Depois da missa, que muitos deles assistiram de longe, a grande comitiva se espalhou pela praia, criando-se grupos dispersos dos nossos e de muitos deles. Alguns marinheiros se apartaram além do rio com jovens nativos e entre eles muitas moças. Os grupos festejavam e se tocava música com gaitas e tambores, chocalhos e pandeiros. Ao longo da praia a nossa gente cantava e bailava com os nativos, como se se conhecessem desde sempre e fossem amigos desde há muito. Eu me apartava vendo tudo isso. Pero Vaz se aproximou de mim e me perguntou por que te apartas, Afonso? não vês que eles são nossos amigos? ou temes de não seres da mesma maneira deles?

Assim foi por muitos dias. Todas as manhãs descíamos em grupos, grandes e pequenos, à terra para conhecê-la mais e fazer amizade com os nativos. Os capitães e os principais da armada guiavam os encontros, cada qual endereçado ao seu maior interesse. Começaram, alguns deles, com a ajuda dos nativos a derrubar e carregar grande quantidade de uma madeira de que se fazia uma tinta vermelha. Eu já notara que alguns dos nativos, principalmente os mais fortes, se mostravam com a pele nua pintada com a tinta vermelha tirada dessa madeira. Pero Vaz me disse que era a madeira brasil, boa para a tintura das vestes dos fidalgos e nobres. Desta árvore se encontrava por todo o lado da costa e parecia que não tinha fim dela. Os nativos ajudavam os nossos a carregar os troncos para bordo e o fazia como sempre com grande gratuidade.

O nosso grande almirante Pedro Álvares não descia sempre à terra; somente o fez três ou quatro vezes, em momentos solenes, pois queríamos que os nativos vissem nele a majestade do nosso Soberano, que ali ele representava. Mas me parecia que não davam particular atenção e importância a isso. Mais sucesso fazia Bartolomeu Dias que estava sempre com eles e que os maravilhou desde aquele segundo dia quando, descidos na terra, vimos que em grupo nativos entravam e fugiam do mar, como que caçando alguma coisa. Era um tubarão.
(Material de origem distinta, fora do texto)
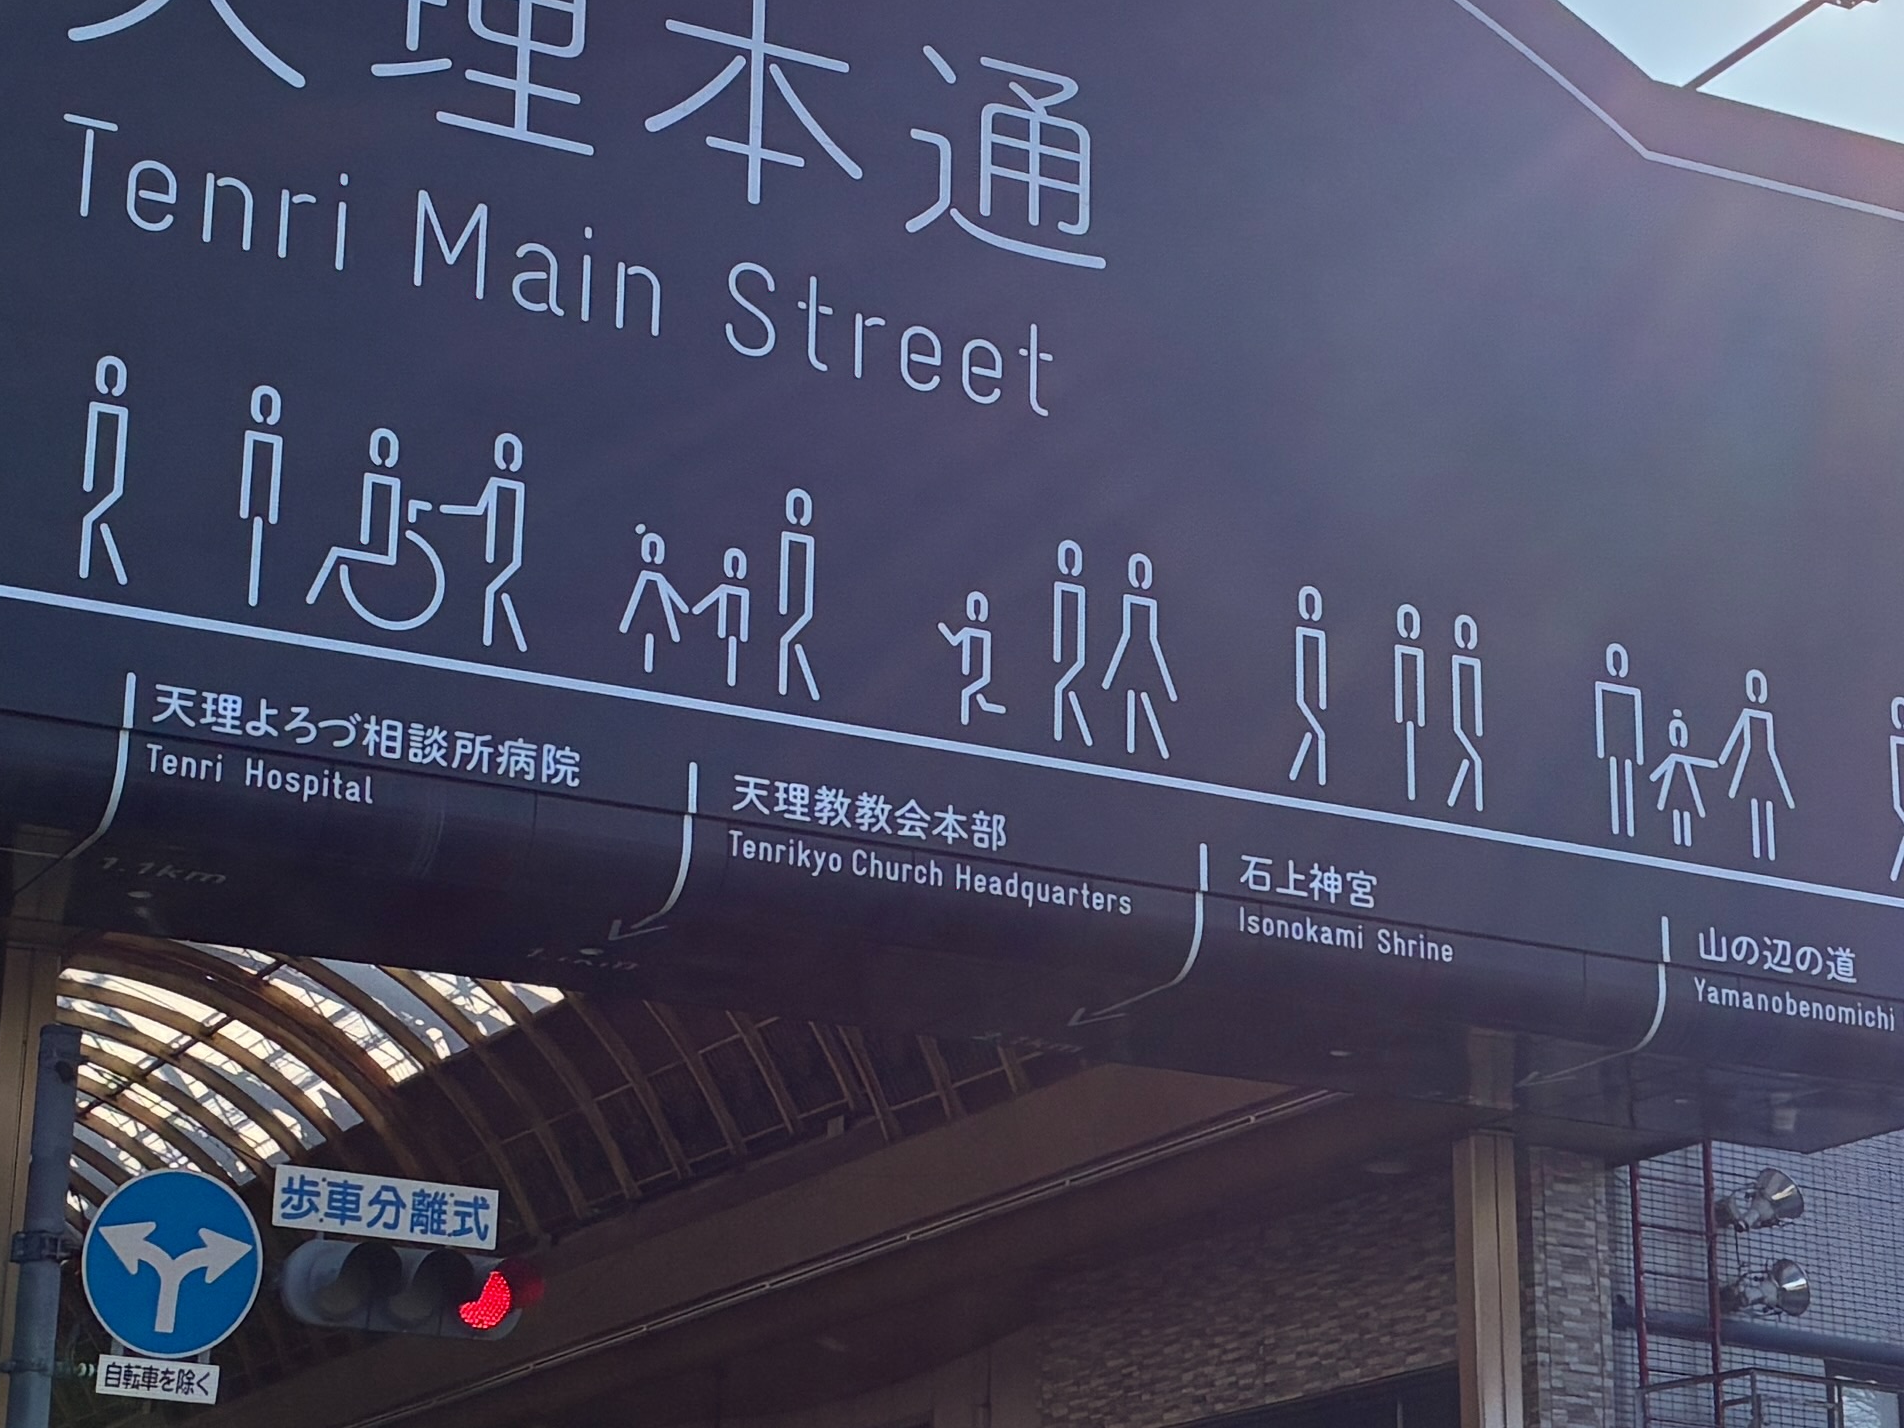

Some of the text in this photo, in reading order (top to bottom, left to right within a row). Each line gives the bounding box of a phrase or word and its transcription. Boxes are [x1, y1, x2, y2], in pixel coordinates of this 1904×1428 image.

[63, 112, 1056, 418] Tenri Main Street
[151, 682, 582, 788] 天理よろづ相談所病院
[146, 743, 374, 804] Tenri Hospital
[731, 774, 1008, 852] 天理教教会本部
[101, 856, 227, 884] 1.1km
[728, 829, 1132, 916] Tenrikyo Church Headquarters
[1238, 853, 1378, 910] 石上神宮
[1238, 905, 1454, 964] Isonokami Shrine
[1698, 925, 1858, 986] 山の辺の道
[1695, 977, 1895, 1034] Yamanobenomichi
[280, 1173, 491, 1243] 歩車分離式
[104, 1361, 211, 1397] 自転車を除く
Bartolomeu Dias entrou na água e matou a besta-fera, carregou-a para a praia e a regalou àqueles que antes procuravam caçá-la.
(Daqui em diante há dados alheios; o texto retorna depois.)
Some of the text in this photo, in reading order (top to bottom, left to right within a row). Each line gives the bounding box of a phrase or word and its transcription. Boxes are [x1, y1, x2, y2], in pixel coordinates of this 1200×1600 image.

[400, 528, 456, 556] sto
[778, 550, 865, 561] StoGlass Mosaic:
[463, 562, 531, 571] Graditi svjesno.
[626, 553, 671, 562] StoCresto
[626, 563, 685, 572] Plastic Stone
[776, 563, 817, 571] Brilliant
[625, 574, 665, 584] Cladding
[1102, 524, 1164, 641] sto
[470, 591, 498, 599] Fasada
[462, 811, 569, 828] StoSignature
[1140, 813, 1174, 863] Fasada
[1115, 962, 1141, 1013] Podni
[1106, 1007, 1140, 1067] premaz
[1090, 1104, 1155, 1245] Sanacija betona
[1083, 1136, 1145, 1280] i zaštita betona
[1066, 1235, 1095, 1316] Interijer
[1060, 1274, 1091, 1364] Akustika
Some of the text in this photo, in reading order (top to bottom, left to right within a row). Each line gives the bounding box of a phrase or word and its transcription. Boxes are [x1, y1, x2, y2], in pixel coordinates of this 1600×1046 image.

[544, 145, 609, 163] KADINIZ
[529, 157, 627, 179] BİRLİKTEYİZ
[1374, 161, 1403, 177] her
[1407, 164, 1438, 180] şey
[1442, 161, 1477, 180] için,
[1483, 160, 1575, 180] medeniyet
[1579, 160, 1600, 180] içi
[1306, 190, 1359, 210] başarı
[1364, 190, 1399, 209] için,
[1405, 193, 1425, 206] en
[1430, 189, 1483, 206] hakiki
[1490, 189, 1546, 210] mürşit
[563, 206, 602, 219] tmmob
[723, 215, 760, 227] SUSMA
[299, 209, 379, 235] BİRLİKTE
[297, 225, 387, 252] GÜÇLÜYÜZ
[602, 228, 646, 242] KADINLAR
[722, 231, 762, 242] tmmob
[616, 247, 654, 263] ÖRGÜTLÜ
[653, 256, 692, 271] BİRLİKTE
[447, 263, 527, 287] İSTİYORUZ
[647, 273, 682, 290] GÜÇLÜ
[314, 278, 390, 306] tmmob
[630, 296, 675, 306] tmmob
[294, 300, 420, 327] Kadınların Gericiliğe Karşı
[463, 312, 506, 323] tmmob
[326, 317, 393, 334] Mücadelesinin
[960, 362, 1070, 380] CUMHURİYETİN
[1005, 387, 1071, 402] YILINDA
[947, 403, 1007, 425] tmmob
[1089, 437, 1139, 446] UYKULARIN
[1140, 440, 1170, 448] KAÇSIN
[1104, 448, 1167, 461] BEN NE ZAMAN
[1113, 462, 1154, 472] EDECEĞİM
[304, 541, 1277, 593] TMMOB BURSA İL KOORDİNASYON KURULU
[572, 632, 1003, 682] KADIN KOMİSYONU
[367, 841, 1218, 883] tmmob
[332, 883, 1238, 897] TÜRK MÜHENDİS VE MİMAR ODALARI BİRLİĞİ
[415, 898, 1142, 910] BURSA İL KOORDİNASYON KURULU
Porém, um entardecer, como de costume, nos preparávamos para voltar às nossas naves, Bartolomeu Dias, a mando do Comandante, ordenou que eu ficasse ali e acompanhasse os nativos na aldeia deles. Eu antes já lá estivera um desses dias, com Pero Vaz. Agora eu estava ali, em meio a eles, enquanto os meus se dirigiam para bordo. Me senti como perdido, abandonado. Os nativos lentamente tomaram o caminho da aldeia e eu fui com eles. Não me trataram, todavia, da mesma maneira como faziam sempre, mas me olhavam um pouco desconfiados. Eu, com muito medo, os seguia. Chegamos à aldeia, eles entraram na grande cabana central e eu também. Então, enquanto eu procurava me alojar, vi que confabulavam e logo depois dois deles vieram até junto de mim e me pegaram sem violência pelos braços e me conduziram assim até a praia, como me dizendo que não queriam que eu dormisse nas suas cabanas. Me deixaram sozinho ali. Bartolomeu Dias, com um pequeno grupo de marinheiros, ainda estava em terra. Quando me viu na praia, veio até a mim e me comandou que voltasse para a aldeia e depois partiu definitivamente para bordo. Eu fiquei sozinho. Não sabia o que fazer, mas não podia desrespeitar as ordens de Bartolomeu Dias. Voltei para a aldeia e fui novamente expulso. Desesperado passei aquela noite no alto de uma árvore. De vez em quando, um nativo vinha e me olhava. Eu não sabia o que eles pensavam, mas sentia um grande medo. Desde aquela noite compreendi que Pedro Álvares me teria deixado para sempre naquela terra.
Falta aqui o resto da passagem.